Records drawn from a dataset
┄┄┄┄┄┄┄┄┄┄┄┄┄┄┄┄┄┄┄┄

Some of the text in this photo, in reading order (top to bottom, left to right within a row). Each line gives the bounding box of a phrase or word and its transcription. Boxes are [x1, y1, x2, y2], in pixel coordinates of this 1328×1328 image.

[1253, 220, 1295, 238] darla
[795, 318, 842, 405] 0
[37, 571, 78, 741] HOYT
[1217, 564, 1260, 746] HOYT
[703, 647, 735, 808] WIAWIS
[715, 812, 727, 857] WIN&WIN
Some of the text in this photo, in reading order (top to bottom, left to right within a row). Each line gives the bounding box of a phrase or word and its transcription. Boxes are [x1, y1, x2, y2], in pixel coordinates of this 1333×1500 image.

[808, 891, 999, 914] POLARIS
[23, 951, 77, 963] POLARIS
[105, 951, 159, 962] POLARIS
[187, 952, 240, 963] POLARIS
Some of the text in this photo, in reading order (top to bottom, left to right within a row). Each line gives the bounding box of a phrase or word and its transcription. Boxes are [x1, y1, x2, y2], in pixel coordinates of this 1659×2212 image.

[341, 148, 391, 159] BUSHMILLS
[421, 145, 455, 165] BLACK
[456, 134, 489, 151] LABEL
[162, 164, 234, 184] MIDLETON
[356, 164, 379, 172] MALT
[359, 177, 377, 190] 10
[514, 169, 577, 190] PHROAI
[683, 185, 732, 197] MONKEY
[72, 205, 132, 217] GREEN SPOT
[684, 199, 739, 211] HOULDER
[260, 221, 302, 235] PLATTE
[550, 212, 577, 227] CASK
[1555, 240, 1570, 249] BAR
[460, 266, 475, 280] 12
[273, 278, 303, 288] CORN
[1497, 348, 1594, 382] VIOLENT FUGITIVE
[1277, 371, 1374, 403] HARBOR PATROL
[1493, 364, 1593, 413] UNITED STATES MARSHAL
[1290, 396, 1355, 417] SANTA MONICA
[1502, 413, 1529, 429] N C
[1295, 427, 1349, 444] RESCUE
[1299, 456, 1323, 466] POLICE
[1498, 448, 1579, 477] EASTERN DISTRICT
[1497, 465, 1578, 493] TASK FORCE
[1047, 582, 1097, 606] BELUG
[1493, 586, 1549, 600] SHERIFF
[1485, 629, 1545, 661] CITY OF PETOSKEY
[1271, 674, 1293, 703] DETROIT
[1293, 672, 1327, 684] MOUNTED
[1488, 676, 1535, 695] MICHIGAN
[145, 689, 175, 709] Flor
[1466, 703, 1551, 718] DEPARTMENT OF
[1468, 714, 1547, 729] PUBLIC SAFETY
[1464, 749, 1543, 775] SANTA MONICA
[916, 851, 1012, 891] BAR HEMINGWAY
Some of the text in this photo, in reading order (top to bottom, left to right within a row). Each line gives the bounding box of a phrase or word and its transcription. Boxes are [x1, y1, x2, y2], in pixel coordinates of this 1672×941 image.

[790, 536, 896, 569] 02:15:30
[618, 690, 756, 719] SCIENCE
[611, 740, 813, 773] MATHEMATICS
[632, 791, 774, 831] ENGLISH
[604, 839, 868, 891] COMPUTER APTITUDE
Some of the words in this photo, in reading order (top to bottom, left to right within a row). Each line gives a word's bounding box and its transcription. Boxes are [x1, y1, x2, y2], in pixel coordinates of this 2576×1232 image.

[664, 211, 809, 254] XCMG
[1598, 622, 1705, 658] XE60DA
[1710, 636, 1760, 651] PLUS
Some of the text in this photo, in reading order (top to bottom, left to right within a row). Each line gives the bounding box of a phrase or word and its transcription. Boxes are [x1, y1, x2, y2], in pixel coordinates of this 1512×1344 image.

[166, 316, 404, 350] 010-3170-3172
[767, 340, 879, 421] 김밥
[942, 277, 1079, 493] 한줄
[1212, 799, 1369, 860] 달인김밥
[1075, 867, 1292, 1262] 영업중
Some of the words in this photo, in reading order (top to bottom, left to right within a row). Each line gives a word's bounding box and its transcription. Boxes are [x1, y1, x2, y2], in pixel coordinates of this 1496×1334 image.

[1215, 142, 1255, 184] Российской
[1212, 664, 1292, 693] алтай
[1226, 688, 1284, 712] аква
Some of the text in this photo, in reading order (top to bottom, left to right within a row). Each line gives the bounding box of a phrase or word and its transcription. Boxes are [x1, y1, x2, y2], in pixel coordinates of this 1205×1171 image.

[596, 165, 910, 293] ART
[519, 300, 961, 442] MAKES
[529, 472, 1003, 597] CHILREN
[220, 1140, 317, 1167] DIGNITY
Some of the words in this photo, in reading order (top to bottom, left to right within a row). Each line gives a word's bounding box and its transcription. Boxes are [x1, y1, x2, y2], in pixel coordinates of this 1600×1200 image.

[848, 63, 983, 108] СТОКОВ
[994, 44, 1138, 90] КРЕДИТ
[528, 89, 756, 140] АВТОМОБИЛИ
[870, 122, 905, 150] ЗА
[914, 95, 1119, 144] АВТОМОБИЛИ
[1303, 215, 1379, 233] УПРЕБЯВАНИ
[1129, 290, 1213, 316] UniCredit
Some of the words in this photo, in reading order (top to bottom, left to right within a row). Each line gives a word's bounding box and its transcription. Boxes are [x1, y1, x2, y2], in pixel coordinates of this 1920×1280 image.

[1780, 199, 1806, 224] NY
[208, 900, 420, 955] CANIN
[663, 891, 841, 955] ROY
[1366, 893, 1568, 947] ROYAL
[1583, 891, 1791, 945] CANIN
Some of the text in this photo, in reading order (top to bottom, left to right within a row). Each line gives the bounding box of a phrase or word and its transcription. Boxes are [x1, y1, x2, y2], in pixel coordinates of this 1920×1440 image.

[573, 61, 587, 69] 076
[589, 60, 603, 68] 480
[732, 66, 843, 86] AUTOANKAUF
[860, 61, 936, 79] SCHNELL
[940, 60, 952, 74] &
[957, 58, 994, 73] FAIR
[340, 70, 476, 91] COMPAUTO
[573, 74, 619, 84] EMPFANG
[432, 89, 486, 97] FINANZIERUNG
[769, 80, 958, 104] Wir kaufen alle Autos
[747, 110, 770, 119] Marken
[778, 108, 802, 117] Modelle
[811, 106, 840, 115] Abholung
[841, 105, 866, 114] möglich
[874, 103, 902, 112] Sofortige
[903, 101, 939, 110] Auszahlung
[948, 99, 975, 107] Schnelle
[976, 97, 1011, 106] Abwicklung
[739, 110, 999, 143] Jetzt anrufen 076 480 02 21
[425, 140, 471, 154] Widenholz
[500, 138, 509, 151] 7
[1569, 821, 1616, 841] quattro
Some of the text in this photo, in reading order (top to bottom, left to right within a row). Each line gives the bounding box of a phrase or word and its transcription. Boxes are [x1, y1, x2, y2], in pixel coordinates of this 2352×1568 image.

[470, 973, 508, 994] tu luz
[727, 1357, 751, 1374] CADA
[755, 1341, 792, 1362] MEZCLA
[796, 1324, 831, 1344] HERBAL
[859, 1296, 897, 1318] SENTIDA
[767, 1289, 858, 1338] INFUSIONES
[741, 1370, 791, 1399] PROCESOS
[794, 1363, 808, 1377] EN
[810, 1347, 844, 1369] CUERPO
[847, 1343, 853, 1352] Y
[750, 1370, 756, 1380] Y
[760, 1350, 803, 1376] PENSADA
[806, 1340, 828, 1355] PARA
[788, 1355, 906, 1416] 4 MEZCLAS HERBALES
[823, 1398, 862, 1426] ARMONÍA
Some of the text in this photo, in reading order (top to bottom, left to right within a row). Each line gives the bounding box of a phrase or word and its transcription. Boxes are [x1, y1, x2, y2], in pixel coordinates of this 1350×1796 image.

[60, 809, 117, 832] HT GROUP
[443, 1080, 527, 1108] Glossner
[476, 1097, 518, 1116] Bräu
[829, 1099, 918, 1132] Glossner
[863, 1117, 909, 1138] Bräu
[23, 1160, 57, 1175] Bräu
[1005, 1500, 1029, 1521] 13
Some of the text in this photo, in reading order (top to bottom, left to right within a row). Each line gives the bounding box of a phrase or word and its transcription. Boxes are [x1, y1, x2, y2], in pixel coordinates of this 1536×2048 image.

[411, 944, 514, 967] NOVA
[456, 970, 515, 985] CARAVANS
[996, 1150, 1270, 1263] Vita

┄┄┄┄┄┄┄┄┄┄┄┄┄┄┄┄┄┄┄┄

**The task**
Starting from the line with "this 1536×2048 image." and ending with the final line of the data, quote every line exactly, both ends included.

**Solution to this exercise**
Some of the text in this photo, in reading order (top to bottom, left to right within a row). Each line gives the bounding box of a phrase or word and its transcription. Boxes are [x1, y1, x2, y2], in pixel coordinates of this 1536×2048 image.

[411, 944, 514, 967] NOVA
[456, 970, 515, 985] CARAVANS
[996, 1150, 1270, 1263] Vita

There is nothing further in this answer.